There are a number of advantages to phasing:

  1. You get paid in installments rather than at the end of the project;
  2. Problems can be identified early, and resolved;
  3. If the customer signs off on each phase as "satisfactorily completed", it is very hard for him to claim later that the your work was incomplete or not satisfactory;
  4. The customer's needs are likely to change as the application is developed and the parties are going to uncover previously undiscovered requirements which usually mean that the application will be modified. Developing in phases is a convenient way to build in checkpoints at which the requirements of the application are reexamined, specifications modified, the timetable and costs adjusted. Almost never are projects completed on the specifications they started with.

There are also a number of important rules to phasing:

  1. It is critical that the developer agrees to a reasonable delivery schedule. Almost every developer I know (including me) tends to underestimate the time required to code, debug and test an application. So be careful not to shortchange yourself.
  2. The contract should provide that phases can be aggregated so that if you do not require as much time as you estimated in one phase, the saved time can be added to another phase that has taken more time than you expected.
  3. There should be a margin of error of at least twenty percent for each phase and for the project as a whole -- more if you can get it -- especially if you are being paid on a time-and-materials basis.
  4. Timetables should always be identified as "reasonable estimates" rather than "binding commitments" by the developer.

Once the timetable is agreed to, it also should be incorporated in the contract either as an appendix or, since it is usually short, in the text of the agreement itself.

Payment

If the project is phased, the developer usually gets paid at the end of each phase and a final payment at the end of the project.

Contracts specify one of two forms of payment.

The fixed price contract pays the developer a specified amount for the project (and each phase) no matter how much time it takes. This type of contract is usually viewed as most favorable to the customer since he is guaranteed a product at a certain price.

The other form is the cost-plus or time-and-materials contract in which the developer is paid for the time spent and actual costs of the project. The time-and-materials contract is usually seen as most favorable to the developer.

As a practical matter, however, they are about the same. If we have done our specifications and timetable carefully, the project is probably going to take about as long as we initially figured and since even a fixed price contract is based on our best estimate of the hours required, the cost to the customer should be about the same either way.

Given a choice, I almost always go for the fixed-price contract. If you are a fast coder and can beat the "book" time, you will make more money -- maybe almost as much as your auto mechanic. Of course, you take the risk of an unforeseen problem that will require an inordinate amount of time to solve -- but often these situations are so gross that the contract can be renegotiated to cover them.

The payment schedule should always be in the body of the contract.
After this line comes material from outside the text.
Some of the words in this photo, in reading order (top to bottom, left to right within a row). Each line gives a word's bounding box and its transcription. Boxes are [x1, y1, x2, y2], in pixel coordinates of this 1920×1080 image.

Just Whose Code Is It Anyway?

Customers are often astounded to find that even though they have paid you a lot of money to develop their application, they do not own the code from which the application was compiled and linked. The source code and the application are two different things - the kind of distinction that lawyers love to make even though they baffle the rest of the world. But just as buying a car does not give you ownership of the factory that made the car, buying an application does not give a customer any rights to the code that made the application.

Nevertheless, you do not want to confuse your customers about ownership of the code. Confused customers are unhappy customers who do not pay. Get the issue of ownership in the agreement and settled up front.
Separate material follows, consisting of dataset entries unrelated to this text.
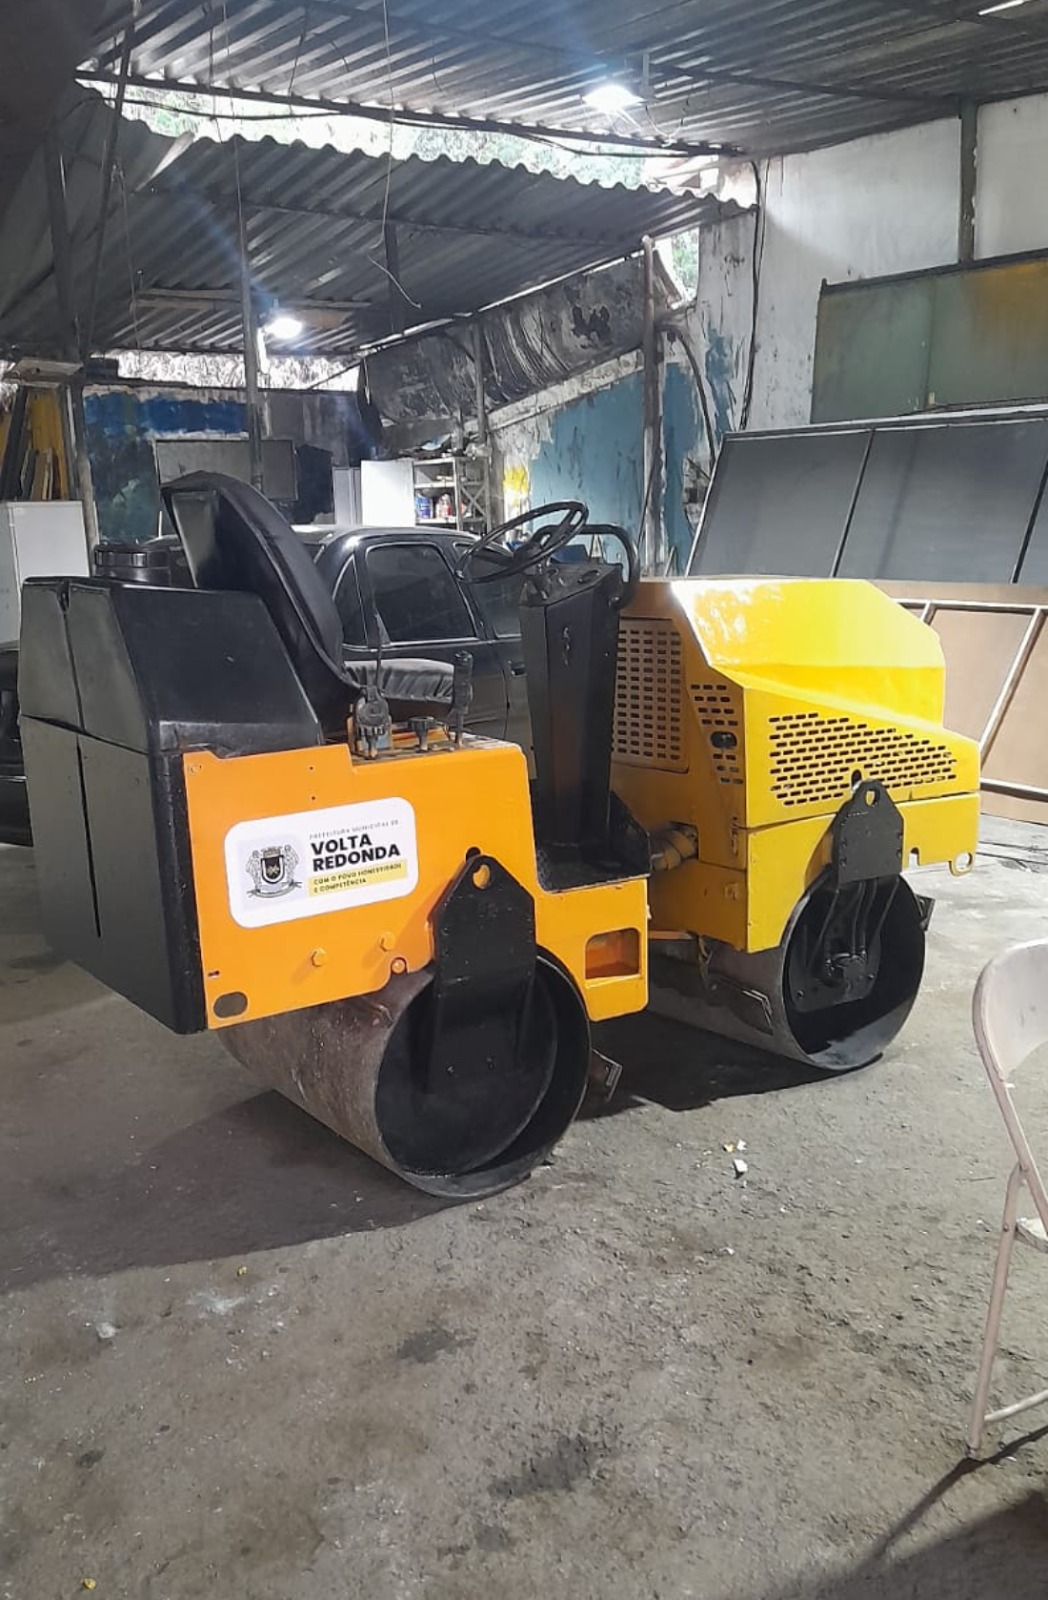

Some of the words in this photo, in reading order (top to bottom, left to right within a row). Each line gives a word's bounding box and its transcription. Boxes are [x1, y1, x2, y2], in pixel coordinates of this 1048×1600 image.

[311, 833, 372, 855] VOLTA
[312, 844, 400, 872] REDONDA
[314, 877, 330, 885] COM
[319, 878, 367, 892] COMPETÊNCIA
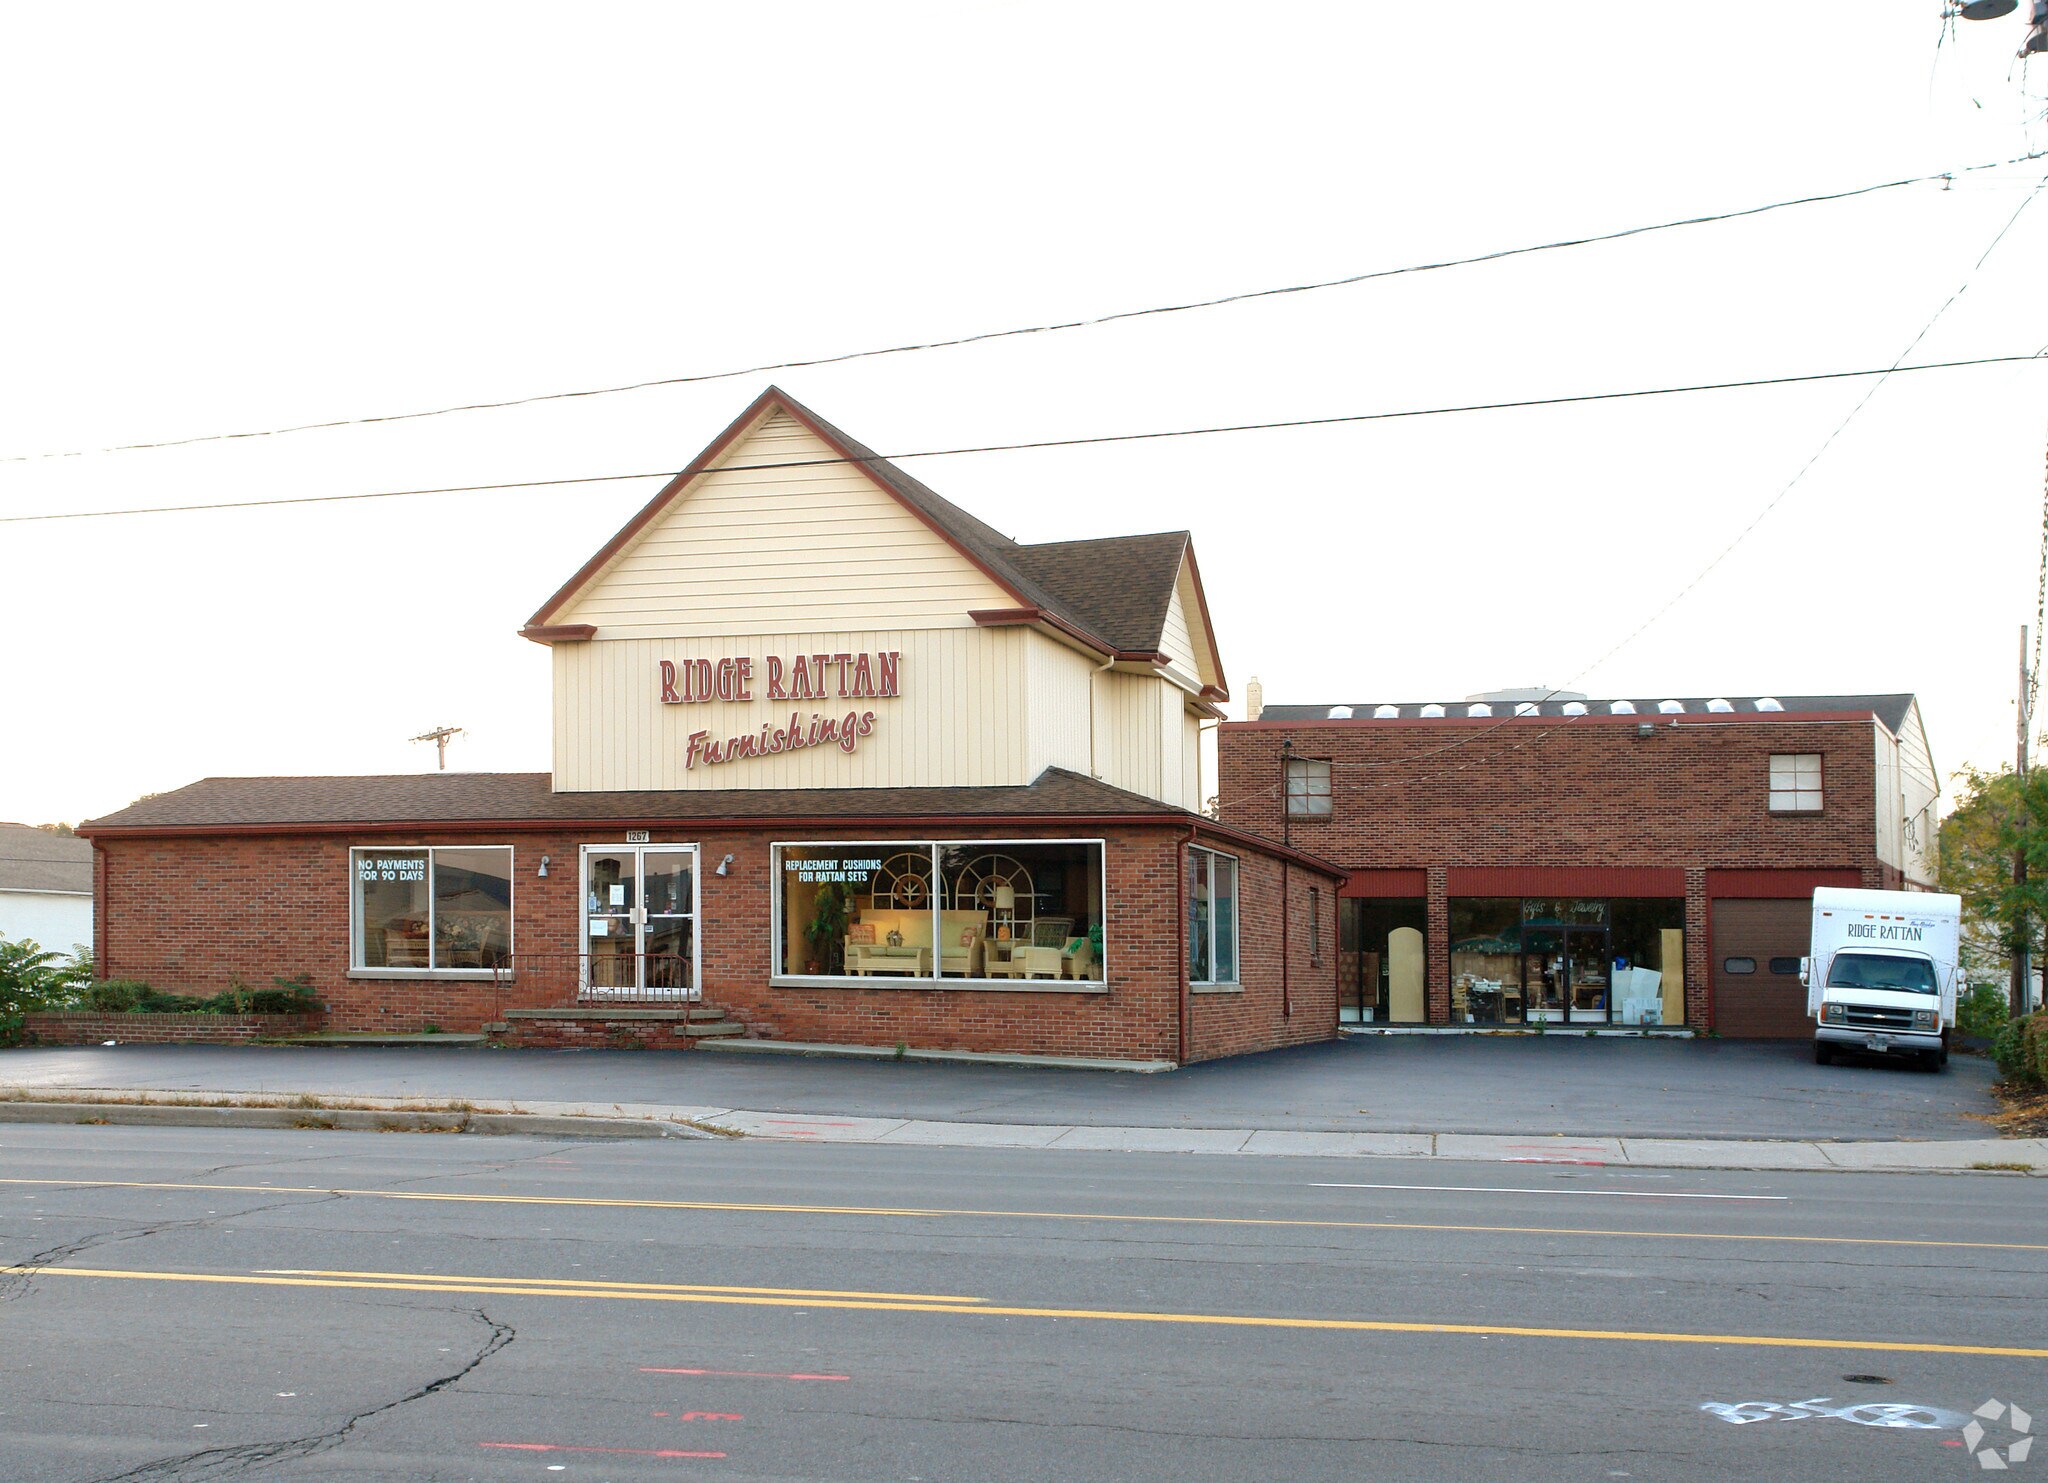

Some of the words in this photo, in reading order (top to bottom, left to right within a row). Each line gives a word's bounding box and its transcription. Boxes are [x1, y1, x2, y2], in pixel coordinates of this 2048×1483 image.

How source code ownership works does not seem to be very well understood in the FoxPro™ developer community. But it is really quite simple.

You do not own just the code. Your ownership would then be limited to those electronic bits in your computer or the scratches on the paper that make up the physical code. You own more than that. The code is an intellectual property subject to copyright. What you own is the code and the copyright to the code. A "copyright" is just what it says: the "right" to say who can use or "copy" the code.

The very instant code is created, it is copyrighted. Contrary to what you may have heard elsewhere, we don't have to actually do anything to copyright code -- the copyright law takes care of it for us. A copyright attaches to original writings immediately upon writing.

Not only is there an instant copyright, there is an instant copyright holder. That's the owner of the copyright, and that's us, the developers. Actually there are many copyrights, not just one, but unless you are going to sell one of them, you need not be concerned with the many ways lawyers can slice and dice a copyright into its various component parts. When the copyright attaches, you instantly own all of the many copyrights.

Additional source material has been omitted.